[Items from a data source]

((

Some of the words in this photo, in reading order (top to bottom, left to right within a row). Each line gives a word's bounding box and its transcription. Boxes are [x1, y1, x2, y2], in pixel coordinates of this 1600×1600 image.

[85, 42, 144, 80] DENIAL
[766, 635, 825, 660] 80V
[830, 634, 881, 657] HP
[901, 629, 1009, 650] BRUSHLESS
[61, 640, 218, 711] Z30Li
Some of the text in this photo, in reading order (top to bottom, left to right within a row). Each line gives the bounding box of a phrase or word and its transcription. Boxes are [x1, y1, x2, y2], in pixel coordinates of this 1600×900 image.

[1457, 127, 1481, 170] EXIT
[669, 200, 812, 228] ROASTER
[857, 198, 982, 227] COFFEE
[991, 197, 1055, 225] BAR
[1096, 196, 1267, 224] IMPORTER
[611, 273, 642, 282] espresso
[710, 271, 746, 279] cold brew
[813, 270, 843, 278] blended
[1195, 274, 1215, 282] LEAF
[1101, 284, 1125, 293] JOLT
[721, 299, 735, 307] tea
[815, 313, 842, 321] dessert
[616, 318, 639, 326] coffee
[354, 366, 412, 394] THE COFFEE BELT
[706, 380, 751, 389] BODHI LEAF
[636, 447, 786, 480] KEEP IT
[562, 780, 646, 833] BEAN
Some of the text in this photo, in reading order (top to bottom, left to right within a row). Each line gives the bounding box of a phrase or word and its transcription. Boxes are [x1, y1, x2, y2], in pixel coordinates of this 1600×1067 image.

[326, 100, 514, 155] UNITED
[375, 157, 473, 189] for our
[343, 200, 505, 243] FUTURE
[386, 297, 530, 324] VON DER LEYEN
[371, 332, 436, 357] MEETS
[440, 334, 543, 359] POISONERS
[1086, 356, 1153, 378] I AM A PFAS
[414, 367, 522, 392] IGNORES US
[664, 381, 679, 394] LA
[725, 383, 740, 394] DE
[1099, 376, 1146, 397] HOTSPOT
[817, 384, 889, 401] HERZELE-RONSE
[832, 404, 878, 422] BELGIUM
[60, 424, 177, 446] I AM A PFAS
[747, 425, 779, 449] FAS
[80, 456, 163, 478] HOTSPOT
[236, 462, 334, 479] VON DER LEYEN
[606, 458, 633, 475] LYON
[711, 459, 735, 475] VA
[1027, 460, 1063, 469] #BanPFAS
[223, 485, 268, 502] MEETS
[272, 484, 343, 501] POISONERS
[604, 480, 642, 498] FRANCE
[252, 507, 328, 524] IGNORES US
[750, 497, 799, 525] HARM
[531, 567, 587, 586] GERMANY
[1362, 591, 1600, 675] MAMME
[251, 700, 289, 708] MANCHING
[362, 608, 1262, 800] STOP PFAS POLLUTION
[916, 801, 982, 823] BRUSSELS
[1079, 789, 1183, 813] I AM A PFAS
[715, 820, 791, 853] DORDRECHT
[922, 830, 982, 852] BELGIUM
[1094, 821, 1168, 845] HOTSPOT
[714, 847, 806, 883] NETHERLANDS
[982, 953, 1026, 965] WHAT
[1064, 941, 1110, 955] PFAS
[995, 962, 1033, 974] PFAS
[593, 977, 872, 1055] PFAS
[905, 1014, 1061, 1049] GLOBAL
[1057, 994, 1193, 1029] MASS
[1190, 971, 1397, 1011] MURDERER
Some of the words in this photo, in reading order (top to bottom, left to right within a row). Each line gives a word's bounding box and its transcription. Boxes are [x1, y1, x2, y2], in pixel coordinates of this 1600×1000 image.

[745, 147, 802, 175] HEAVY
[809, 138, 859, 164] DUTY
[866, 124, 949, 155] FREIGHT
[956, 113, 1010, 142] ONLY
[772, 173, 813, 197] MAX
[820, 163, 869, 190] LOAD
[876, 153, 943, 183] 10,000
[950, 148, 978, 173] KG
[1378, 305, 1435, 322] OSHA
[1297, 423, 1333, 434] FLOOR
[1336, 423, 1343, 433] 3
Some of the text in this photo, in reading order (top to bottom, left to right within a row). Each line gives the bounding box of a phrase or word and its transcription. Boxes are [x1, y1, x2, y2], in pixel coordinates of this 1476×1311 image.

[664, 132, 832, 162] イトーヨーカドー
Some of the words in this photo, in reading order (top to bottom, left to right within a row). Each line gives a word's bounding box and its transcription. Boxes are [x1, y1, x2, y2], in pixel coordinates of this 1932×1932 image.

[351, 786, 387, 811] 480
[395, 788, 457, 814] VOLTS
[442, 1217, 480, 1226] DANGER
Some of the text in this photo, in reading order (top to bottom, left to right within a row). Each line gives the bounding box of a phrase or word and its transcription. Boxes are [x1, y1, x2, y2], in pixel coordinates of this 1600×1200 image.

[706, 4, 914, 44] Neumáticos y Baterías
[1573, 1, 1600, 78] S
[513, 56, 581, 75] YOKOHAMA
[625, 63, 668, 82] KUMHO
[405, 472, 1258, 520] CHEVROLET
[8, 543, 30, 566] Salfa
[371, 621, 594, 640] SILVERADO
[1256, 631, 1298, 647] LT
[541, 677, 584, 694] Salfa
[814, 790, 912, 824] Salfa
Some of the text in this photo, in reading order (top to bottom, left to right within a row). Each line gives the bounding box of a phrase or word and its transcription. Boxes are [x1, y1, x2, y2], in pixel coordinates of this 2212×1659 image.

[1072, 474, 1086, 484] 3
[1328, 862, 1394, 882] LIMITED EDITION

))

▶ [What to work on]:
Repeat word for word the lines running from the line containing "this 2212×1659 image." to the end of the entries above, inclusive.

▶ [Answer section]:
Some of the text in this photo, in reading order (top to bottom, left to right within a row). Each line gives the bounding box of a phrase or word and its transcription. Boxes are [x1, y1, x2, y2], in pixel coordinates of this 2212×1659 image.

[1072, 474, 1086, 484] 3
[1328, 862, 1394, 882] LIMITED EDITION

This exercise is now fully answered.